There have been times in my life when I have faced adversity and challenge and I have worked hard to push through it and accomplish great things. There have also been times when the going got tough and I packed it in and quit. I've written before on how I have decided to stop playing the blame game, and this morning I'm announcing my resolution to quit quitting.
I don't know how it is possible, but quitting when things get hard seems to be a gene that can be passed on from one generation to the next. What bothers me is that I see my two oldest children exhibiting some of the same tendencies that I am walking away from today. My oldest son is a great swimmer and he was invited to join a local swim team, but after two weeks of working hard in the pool he no longer wanted to be on the team. My daughter is a fantastic gymnast and was invited to be on a select gymnastics team, but after a few sessions on hard stretching and a little pain, she quit.

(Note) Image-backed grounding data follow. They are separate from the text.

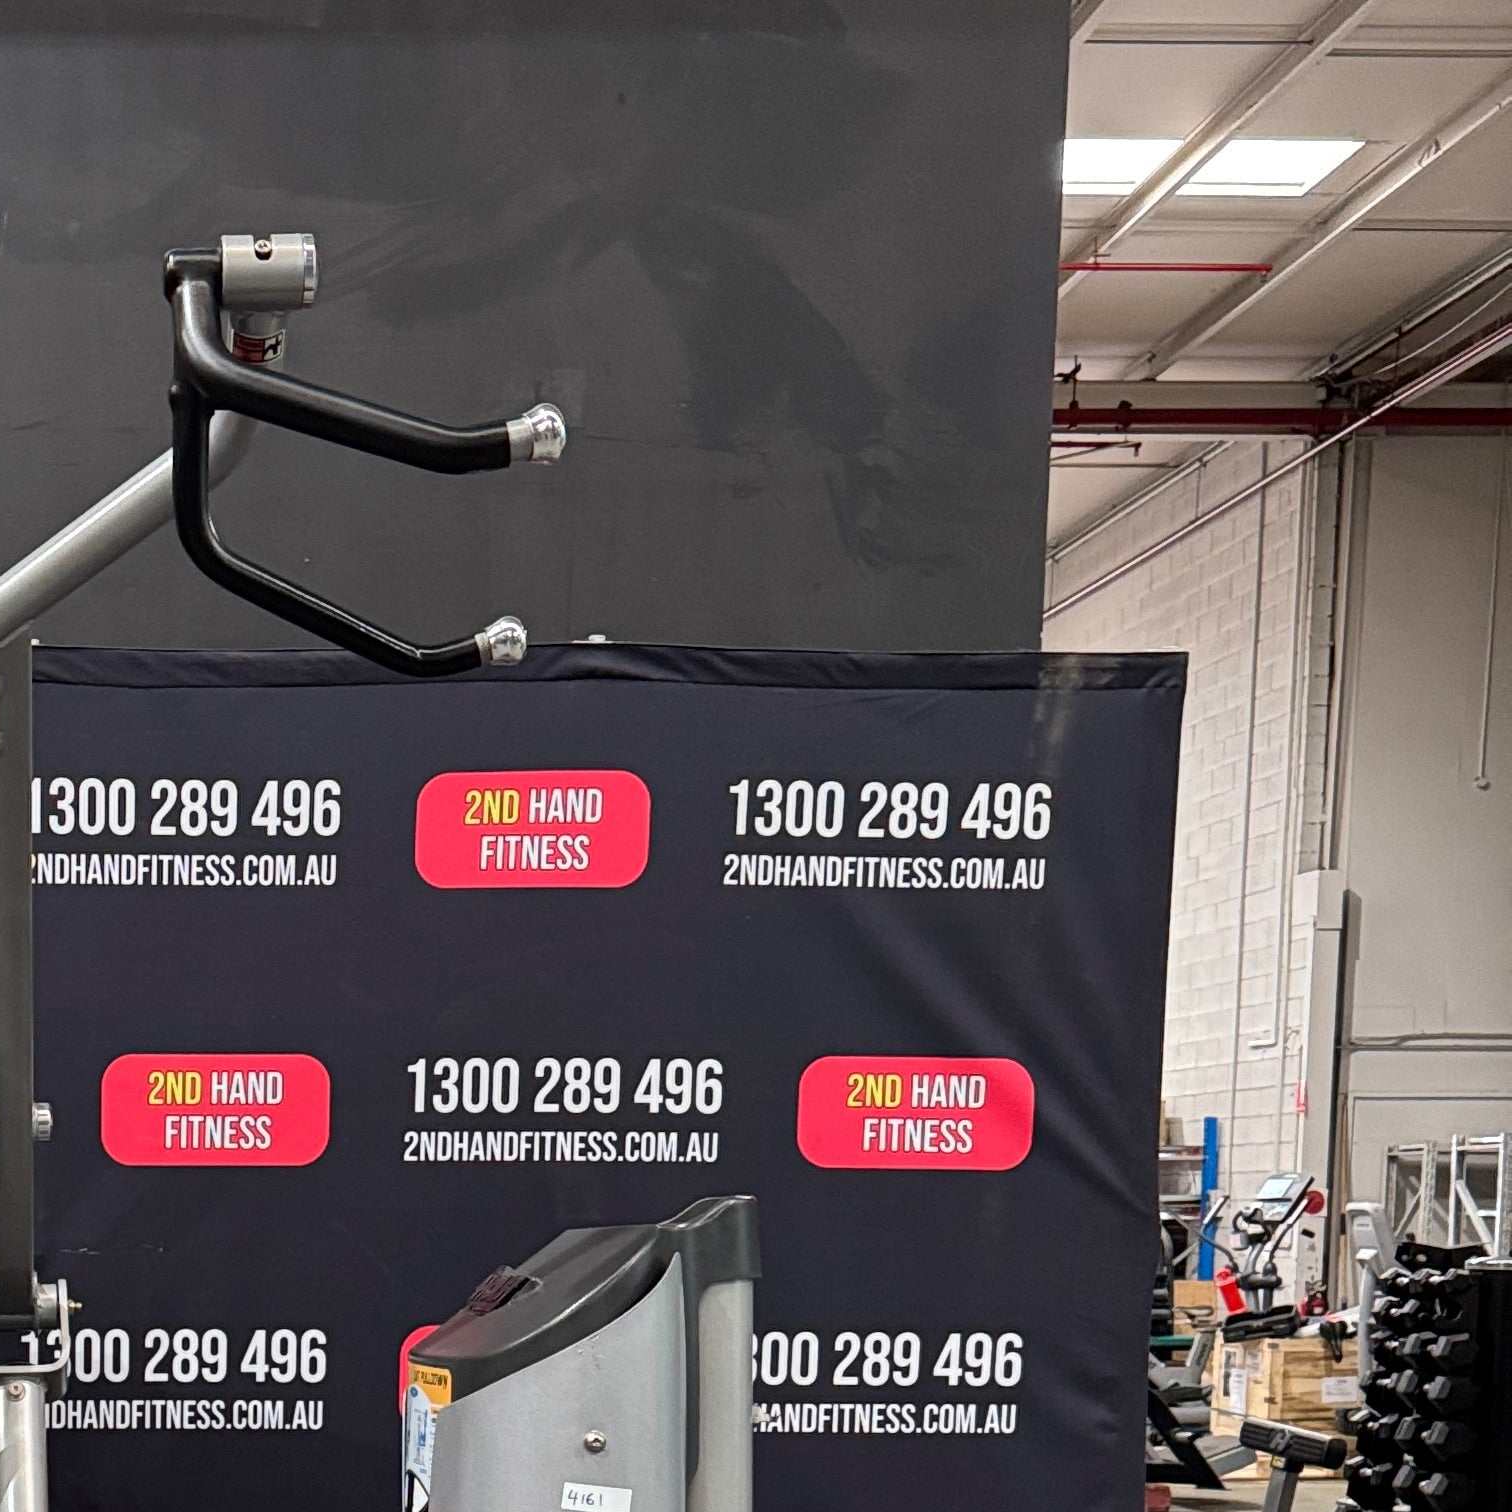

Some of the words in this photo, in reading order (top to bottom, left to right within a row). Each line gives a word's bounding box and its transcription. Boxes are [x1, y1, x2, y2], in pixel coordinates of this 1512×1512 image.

[151, 779, 237, 836] 289
[252, 780, 340, 836] 496
[465, 790, 519, 824] 2ND
[529, 789, 602, 823] HAND
[730, 780, 844, 837] 1300
[858, 782, 948, 839] 289
[961, 783, 1051, 839] 496
[481, 835, 589, 869] FITNESS
[723, 854, 1045, 889] 2NDHANDFITNESS.COM.AU
[149, 1072, 201, 1104] 2ND
[212, 1072, 282, 1104] HAND
[408, 1058, 519, 1113] 1300
[534, 1058, 620, 1113] 289
[634, 1059, 723, 1114] 496
[848, 1074, 901, 1107] 2ND
[912, 1075, 985, 1108] HAND
[166, 1116, 271, 1149] FITNESS
[404, 1131, 718, 1162] 2NDHANDFITNESS.COM.AU
[864, 1119, 972, 1153] FITNESS
[145, 1329, 227, 1382] 289
[241, 1329, 326, 1383] 496
[833, 1332, 920, 1386] 289
[933, 1333, 1022, 1386] 496
[567, 1489, 604, 1507] 4161

I've done enough physical training in my life to know that you make the most gains by pushing through what is uncomfortable and hard. You don't begin to really excel at something until you overcome adversity and pain. Sometimes these are physical challenges, other times they are relational, and still other times they are emotional or mental. The common thread through it all is perseverance. You have to keep going get to the other side. What I've found is that the going is hardest right before you reach the greatest things. After all, the crucifixion came before the resurrection.
So, as an inspiration and example to my kids, as an act of faithfulness and honor to my wife, and in gratefulness and response to the model of my Savoir Jesus, I quit quitting.